They further note that "Safety cases provide a way to integrate different sources of evidence into a single, comprehensive assessment of a system's safety" and are "helpful for checking if risk assessment is comprehensive and valid." Additionally, "Safety cases make otherwise implicit arguments explicit, which [...] can highlight reasoning flaws or assurance gaps [..., ] makes it easier to see how overall system safety is affected if the evidence changes [... and] can help stakeholders communicate more clearly about disagreements"
Buhl et al. argue that, compared to governments setting specific rules, safety cases are advantageous because they are more flexible and thus durable, incentivize innovation in safety, and allocate the responsibility to the developer (who is best placed to figure out reasonable safety procedures). However, rules are easier to enforce, more transparent and cheaper to comply with.
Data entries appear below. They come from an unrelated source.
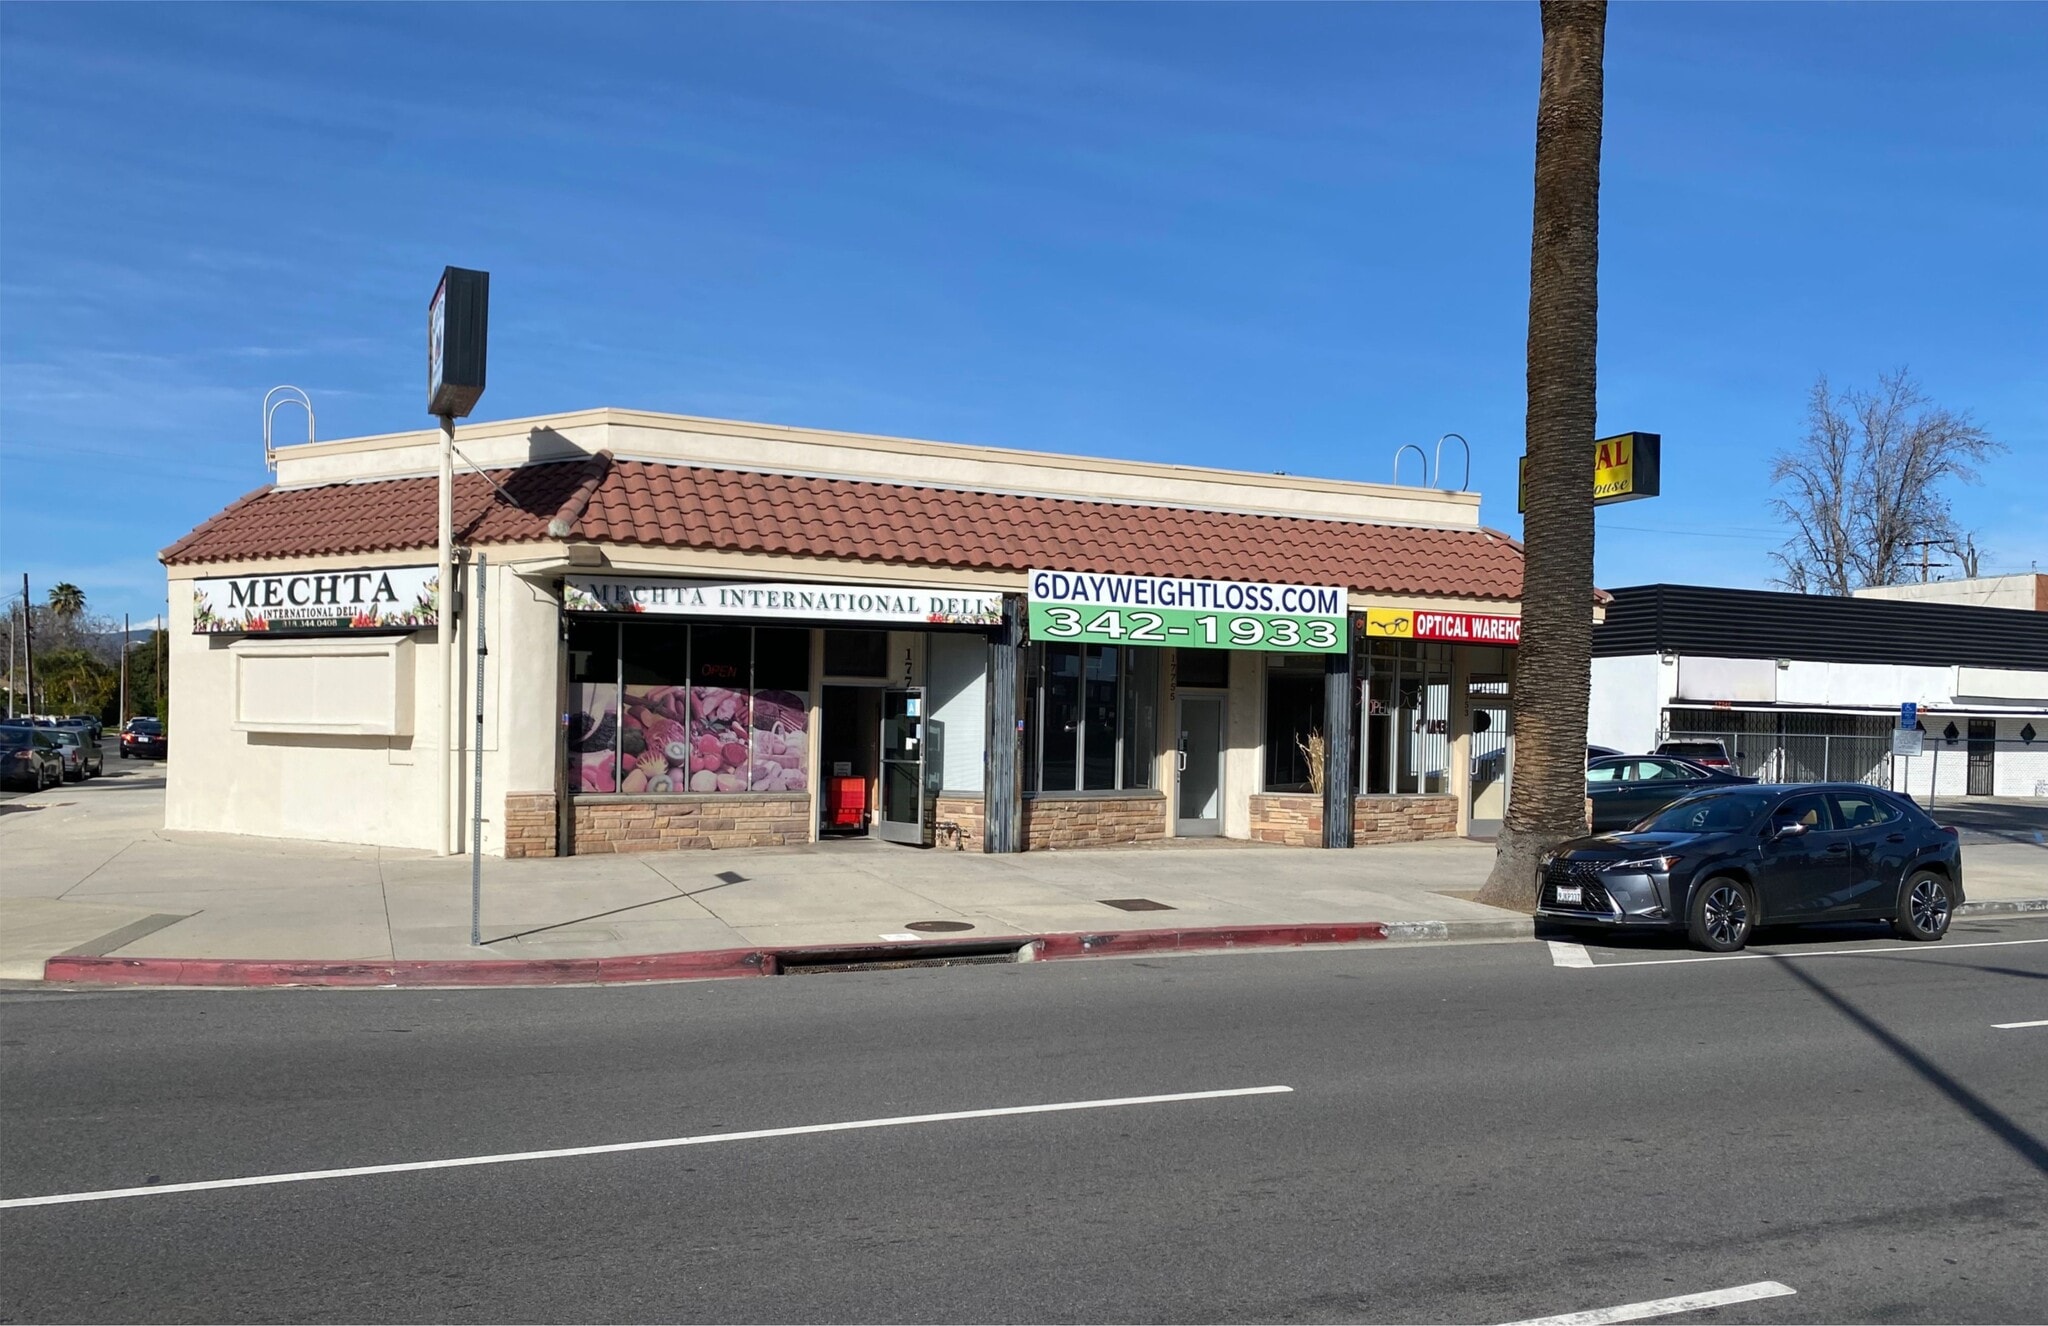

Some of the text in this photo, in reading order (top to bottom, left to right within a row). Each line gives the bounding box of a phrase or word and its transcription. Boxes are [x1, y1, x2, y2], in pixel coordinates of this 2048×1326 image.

[1596, 441, 1629, 470] AL
[1595, 479, 1628, 495] ouse
[228, 571, 399, 608] MECHTA
[589, 583, 984, 615] MECHTA INTERNATIONAL DELI
[1034, 572, 1338, 614] 6DAYWEIGHTLOSS.COM
[263, 606, 358, 619] INTERNATIONAL DELI
[1044, 607, 1338, 647] 342-1933
[1416, 614, 1520, 640] OPTICAL WAREHO
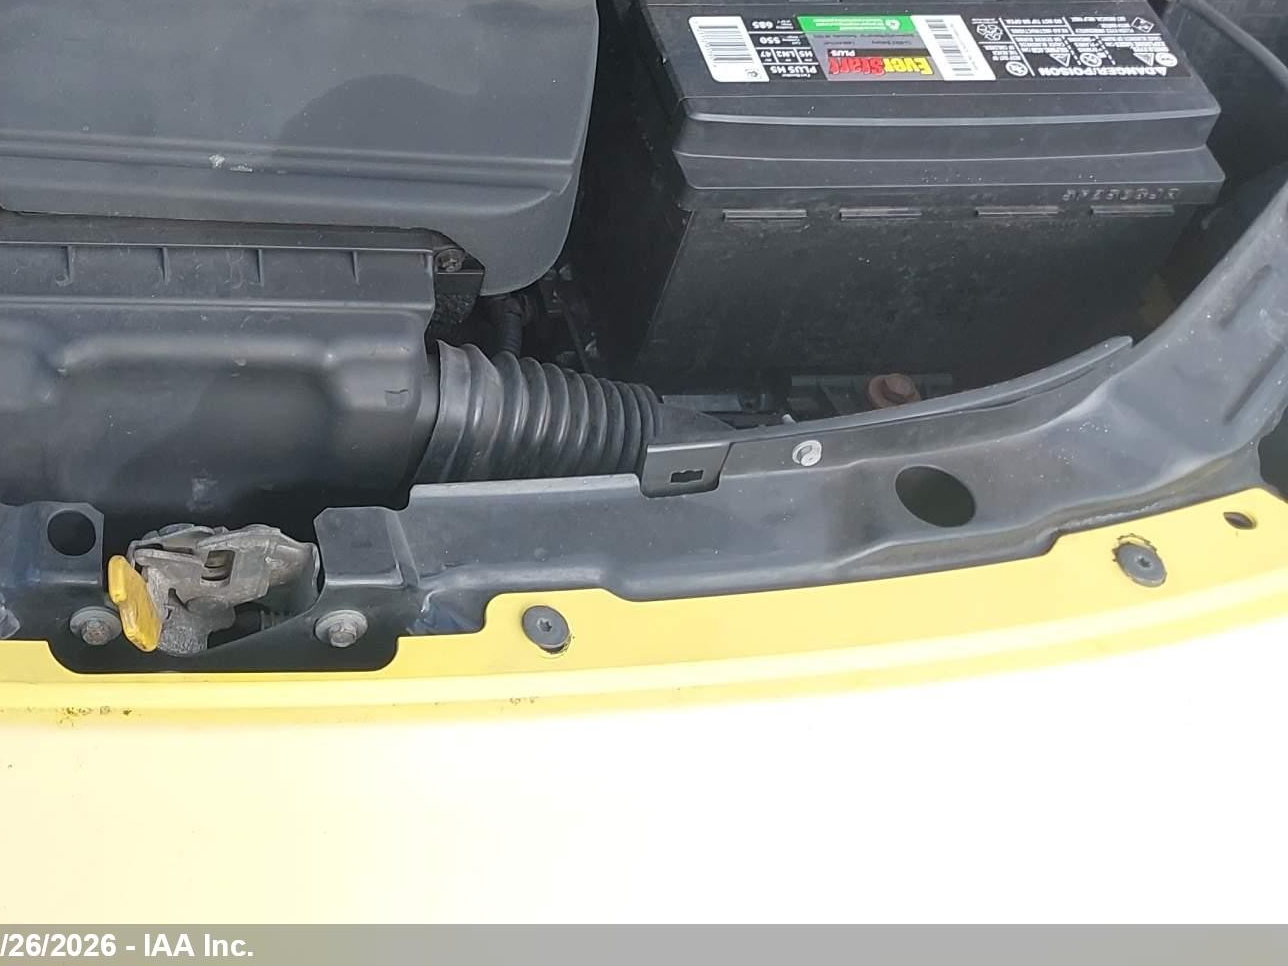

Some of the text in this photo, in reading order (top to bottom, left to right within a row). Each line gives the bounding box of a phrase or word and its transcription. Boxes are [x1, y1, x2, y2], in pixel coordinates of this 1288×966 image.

[752, 21, 773, 29] 685
[759, 36, 781, 44] 550
[776, 50, 795, 58] LN2
[770, 65, 817, 74] PLUS H5
[828, 57, 933, 75] EverStart
[1038, 66, 1157, 76] DANGER/POISON
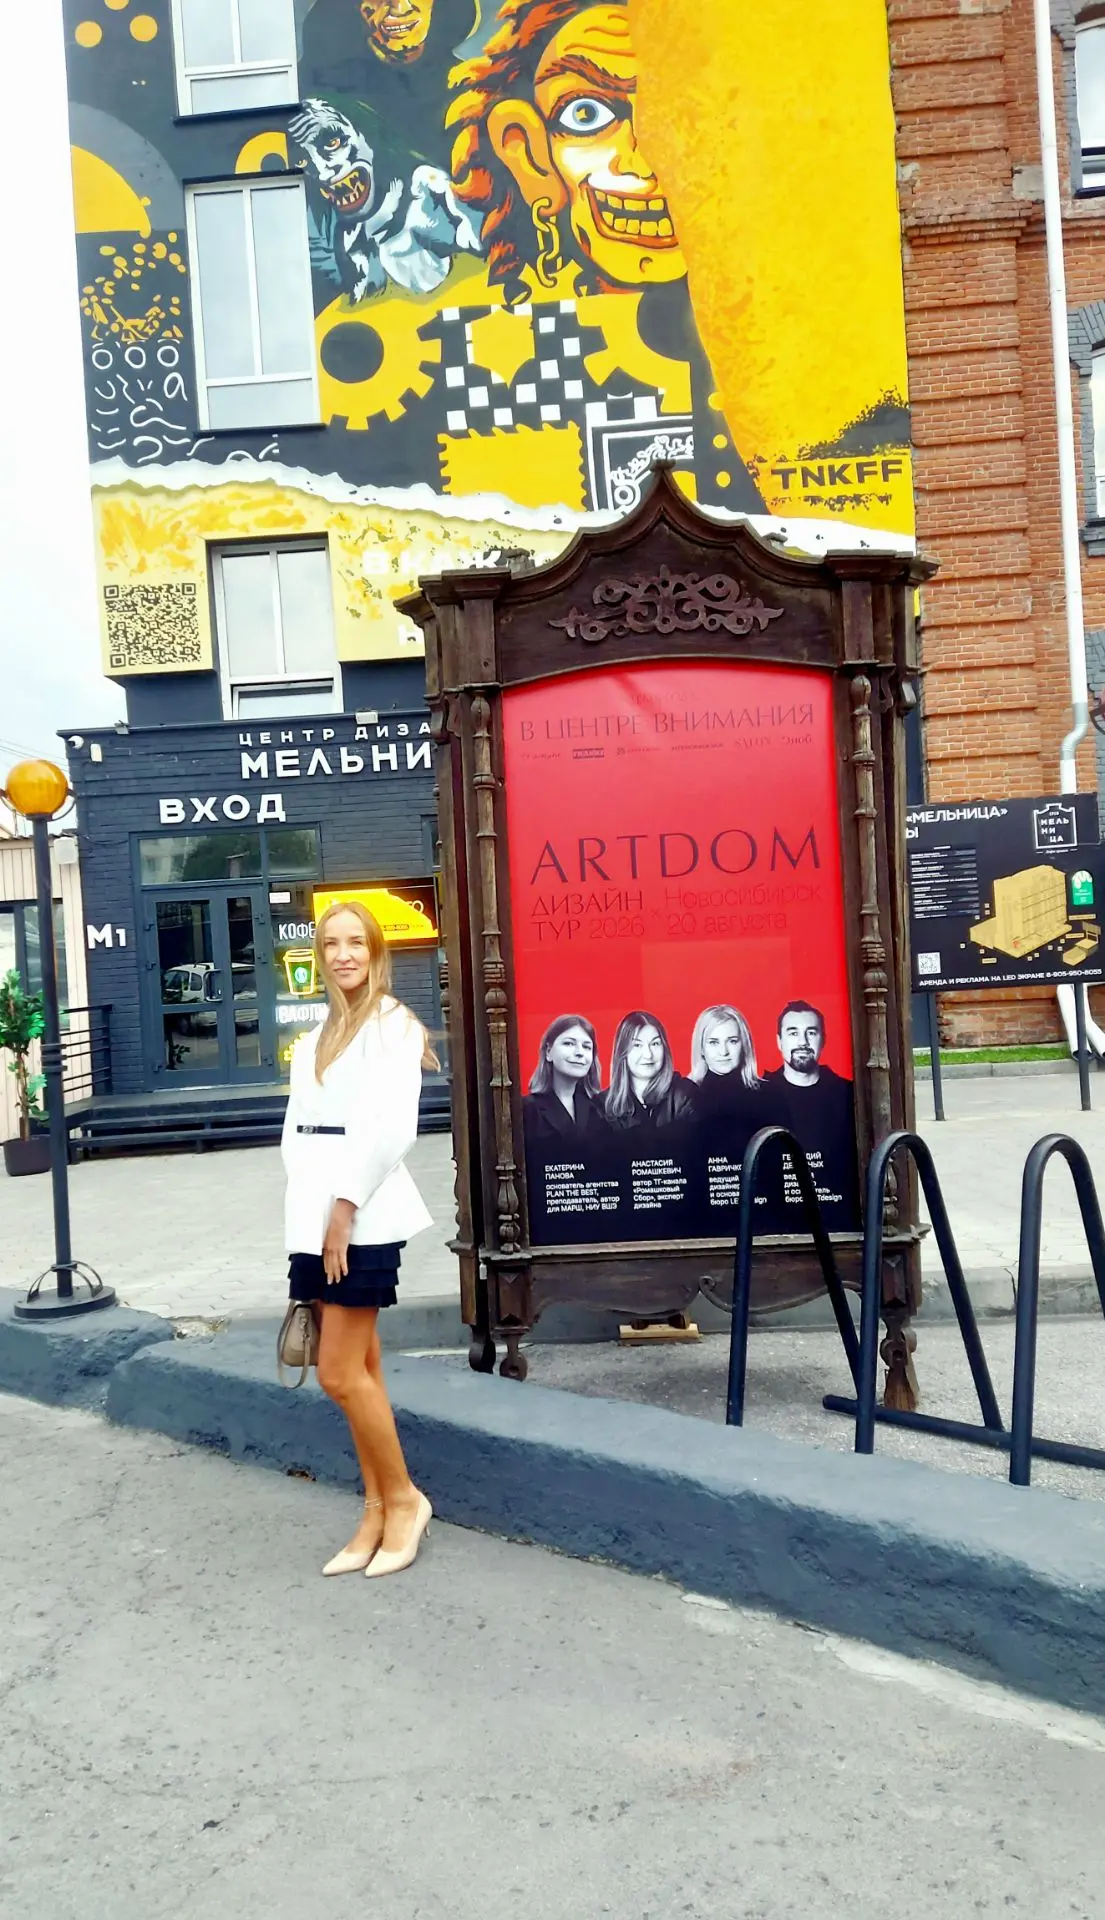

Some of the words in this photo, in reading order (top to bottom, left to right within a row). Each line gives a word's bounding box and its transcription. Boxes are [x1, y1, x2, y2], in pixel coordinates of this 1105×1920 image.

[771, 460, 902, 489] TNKFF
[521, 720, 534, 741] В
[545, 715, 643, 740] ЦЕНТРЕ
[654, 703, 813, 734] ВНИМАНИЯ
[239, 728, 335, 746] ЦЕНТР
[355, 722, 431, 740] ДИЗА
[241, 741, 432, 780] МЕЛЬНИ
[159, 794, 286, 824] ВХОД
[906, 806, 1008, 823] «МЕЛЬНИЦА»
[530, 825, 820, 885] ARTDOM
[532, 888, 643, 917] ДИЗАЙН
[665, 883, 822, 909] Новосибирск
[279, 921, 316, 940] КОФЕ
[532, 919, 581, 942] ТУР
[589, 914, 645, 939] 2026
[667, 912, 696, 936] 20
[704, 913, 787, 935] августа
[87, 923, 127, 949] М1
[956, 976, 989, 984] РЕКЛАМА
[545, 1163, 585, 1172] ЕКАТЕРИНА
[632, 1159, 673, 1167] АНАСТАСИЯ
[632, 1167, 681, 1176] РОМАШКЕВИЧ
[546, 1172, 574, 1180] ПАНОВА
[709, 1175, 740, 1183] ведущий
[547, 1190, 564, 1198] PLAN
[581, 1188, 599, 1196] BEST,
[547, 1198, 599, 1206] преподаватель,
[710, 1198, 729, 1206] бюро
[561, 1204, 584, 1212] МАРШ,
[633, 1202, 662, 1210] дизайна
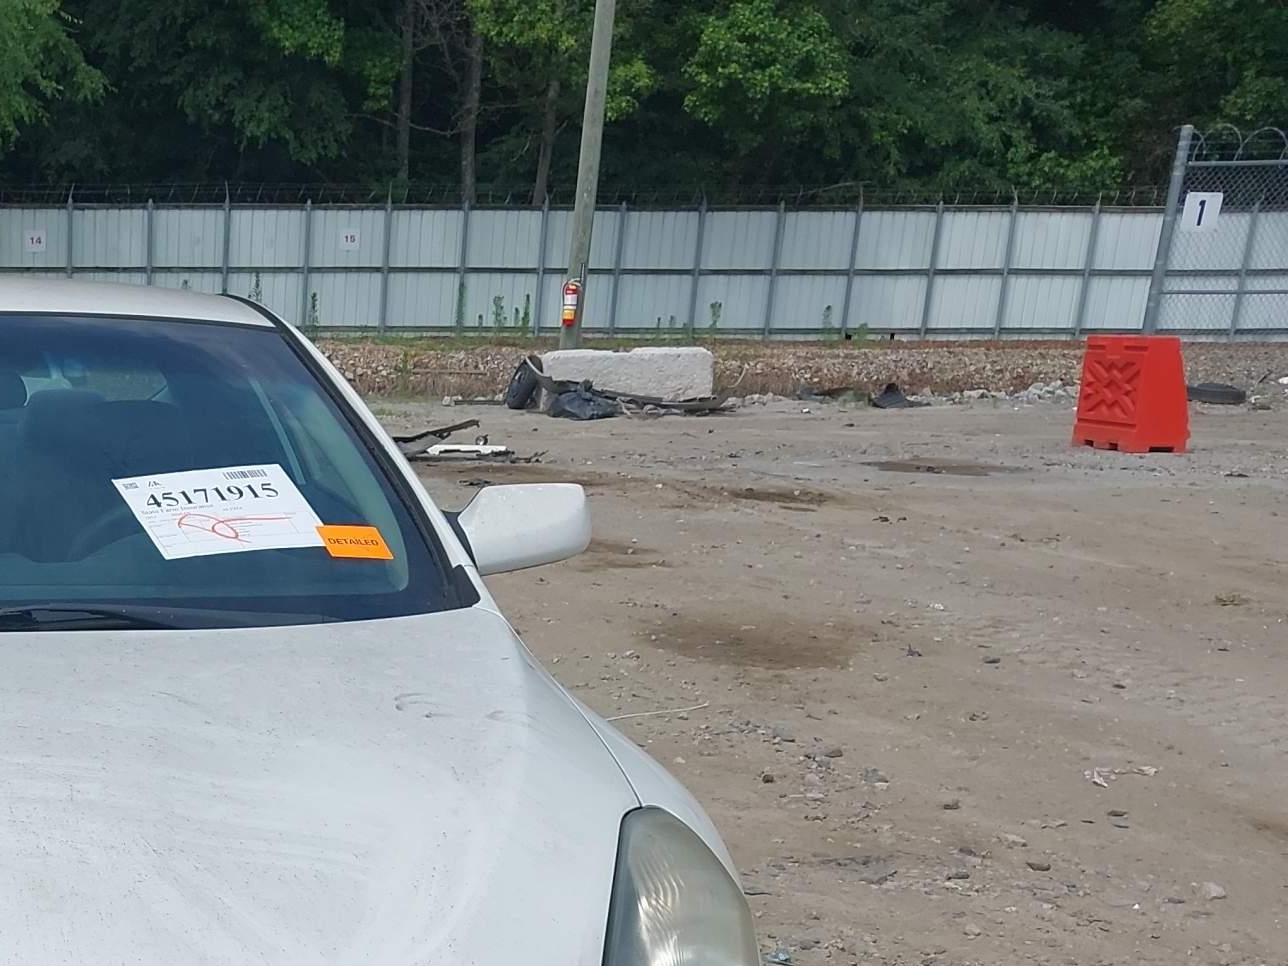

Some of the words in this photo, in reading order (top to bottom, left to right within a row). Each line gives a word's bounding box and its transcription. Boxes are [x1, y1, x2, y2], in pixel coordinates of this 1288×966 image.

[1196, 199, 1207, 227] 1
[30, 236, 42, 245] 14
[146, 483, 279, 508] 45171915
[327, 537, 379, 546] DETAILED
What is currently the largest gap to being able to build comprehensive AI Safety Cases?
TLDR: Currently, few companies are attempting to publish safety cases, mostly because it's substantial work with unclear value-add. Safety Cases for AI systems are especially difficult because they have many use cases, are constantly advancing in capabilities, and are opaque.
We currently don't have a consensus on good methodology, agreement on when a Safety Case is adequate, and lack basic science to justify assumptions and quantify uncertainty.
There are also many technical challenges to making strong safety cases. These include insufficient cybersecurity, monitors colluding with the AI systems they oversee, and misbehaviors that only appear outside of testing distributions (e.g., sandbagging or alignment faking). Making. stronger safety cases would require advances in scaling human supervision, interpretability, formal verification, and mitigating scheming risks.
Joshua Clymer: "I think we totally can build comprehensive AI safety cases right now. But publishing them is more work than it's worth.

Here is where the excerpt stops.